= What the task asks =
Where an entry contains a picture, omit the picture and repeat the rest exactly.

━━━━━ Dataset extract ━━━━━

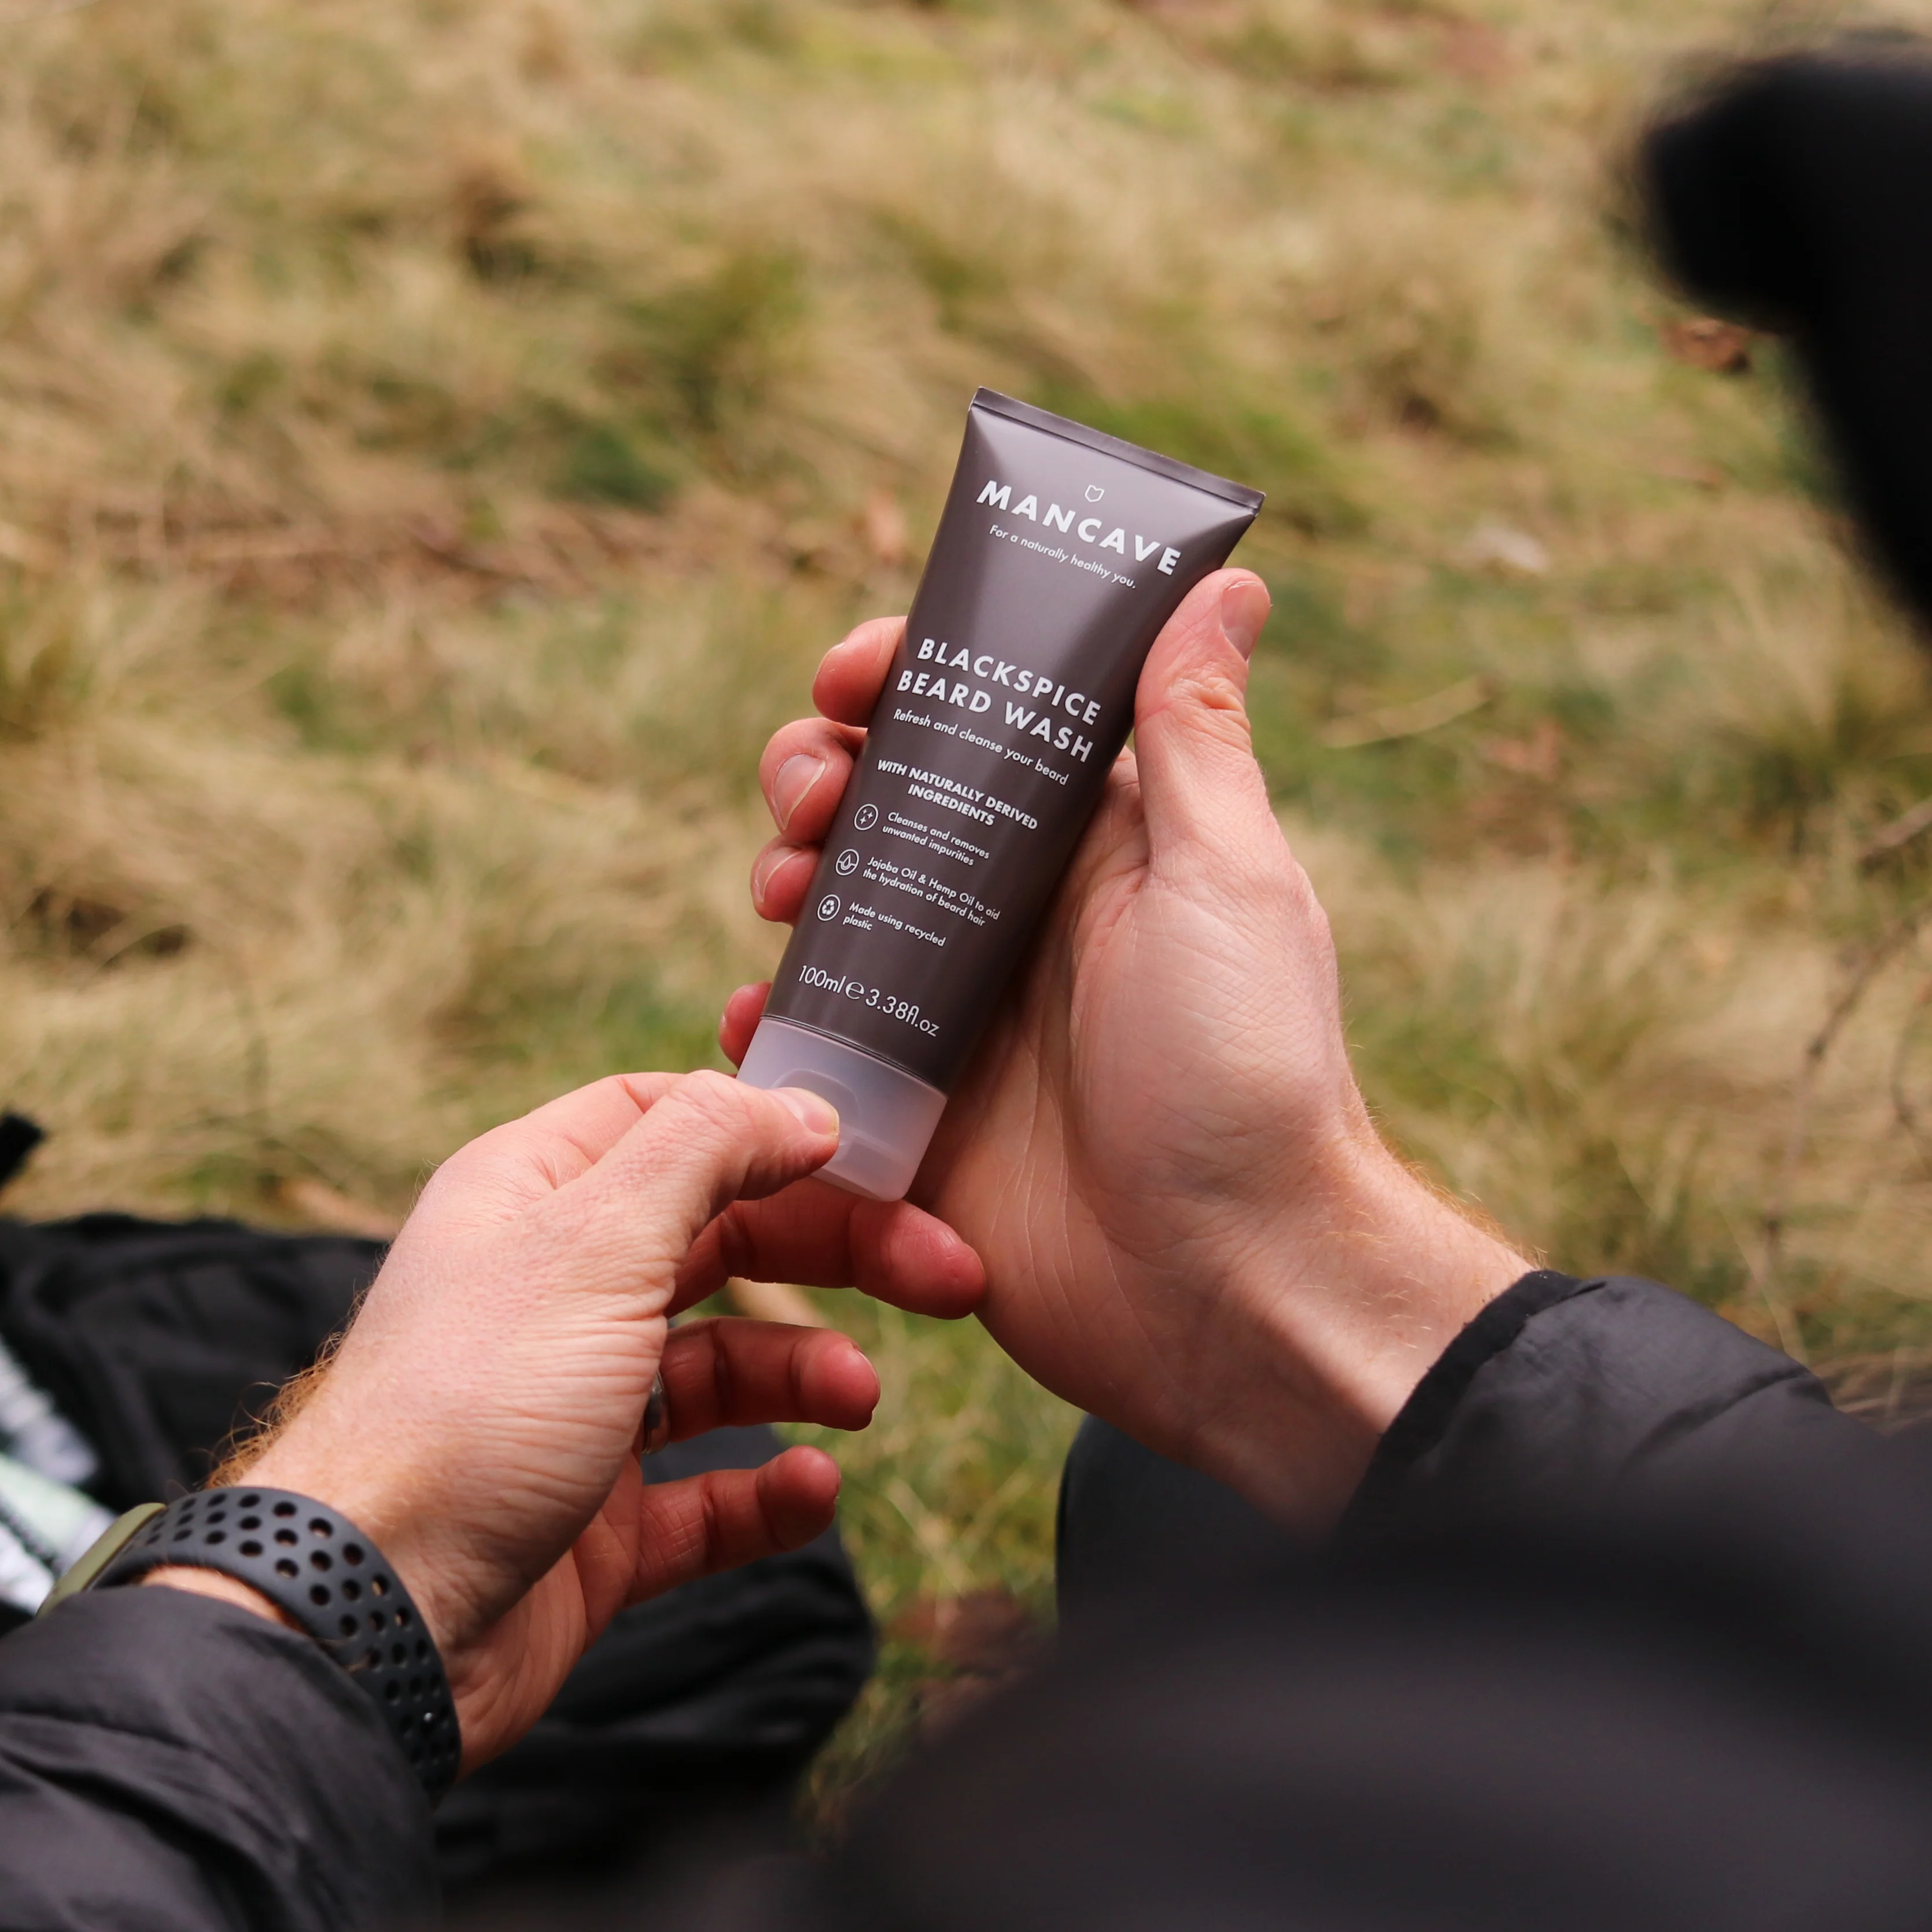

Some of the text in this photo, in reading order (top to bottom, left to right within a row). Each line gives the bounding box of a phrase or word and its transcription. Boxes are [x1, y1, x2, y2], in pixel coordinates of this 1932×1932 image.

[976, 480, 1181, 576] MANCAVE
[990, 524, 1136, 589] For a naturally healthy you.
[917, 638, 1101, 725] BLACKSPICE
[893, 708, 1069, 786] Refresh and cleanse your beard
[897, 670, 1093, 762] BEARD WASH
[877, 759, 1038, 830] WITH NATURALLY DERIVED
[908, 784, 995, 826] INGREDIENTS
[882, 825, 974, 866] unwanted impurities
[888, 812, 990, 859] Cleanses and removes
[862, 868, 986, 926] the hydration of beard hair
[867, 857, 1001, 920] Jojoba Oil & Hemp Oil to aid
[842, 915, 872, 931] plastic
[849, 902, 946, 947] Made using recycled

━━━━━

= The answer =
Some of the text in this photo, in reading order (top to bottom, left to right within a row). Each line gives the bounding box of a phrase or word and its transcription. Boxes are [x1, y1, x2, y2], in pixel coordinates of this 1932×1932 image.

[976, 480, 1181, 576] MANCAVE
[990, 524, 1136, 589] For a naturally healthy you.
[917, 638, 1101, 725] BLACKSPICE
[893, 708, 1069, 786] Refresh and cleanse your beard
[897, 670, 1093, 762] BEARD WASH
[877, 759, 1038, 830] WITH NATURALLY DERIVED
[908, 784, 995, 826] INGREDIENTS
[882, 825, 974, 866] unwanted impurities
[888, 812, 990, 859] Cleanses and removes
[862, 868, 986, 926] the hydration of beard hair
[867, 857, 1001, 920] Jojoba Oil & Hemp Oil to aid
[842, 915, 872, 931] plastic
[849, 902, 946, 947] Made using recycled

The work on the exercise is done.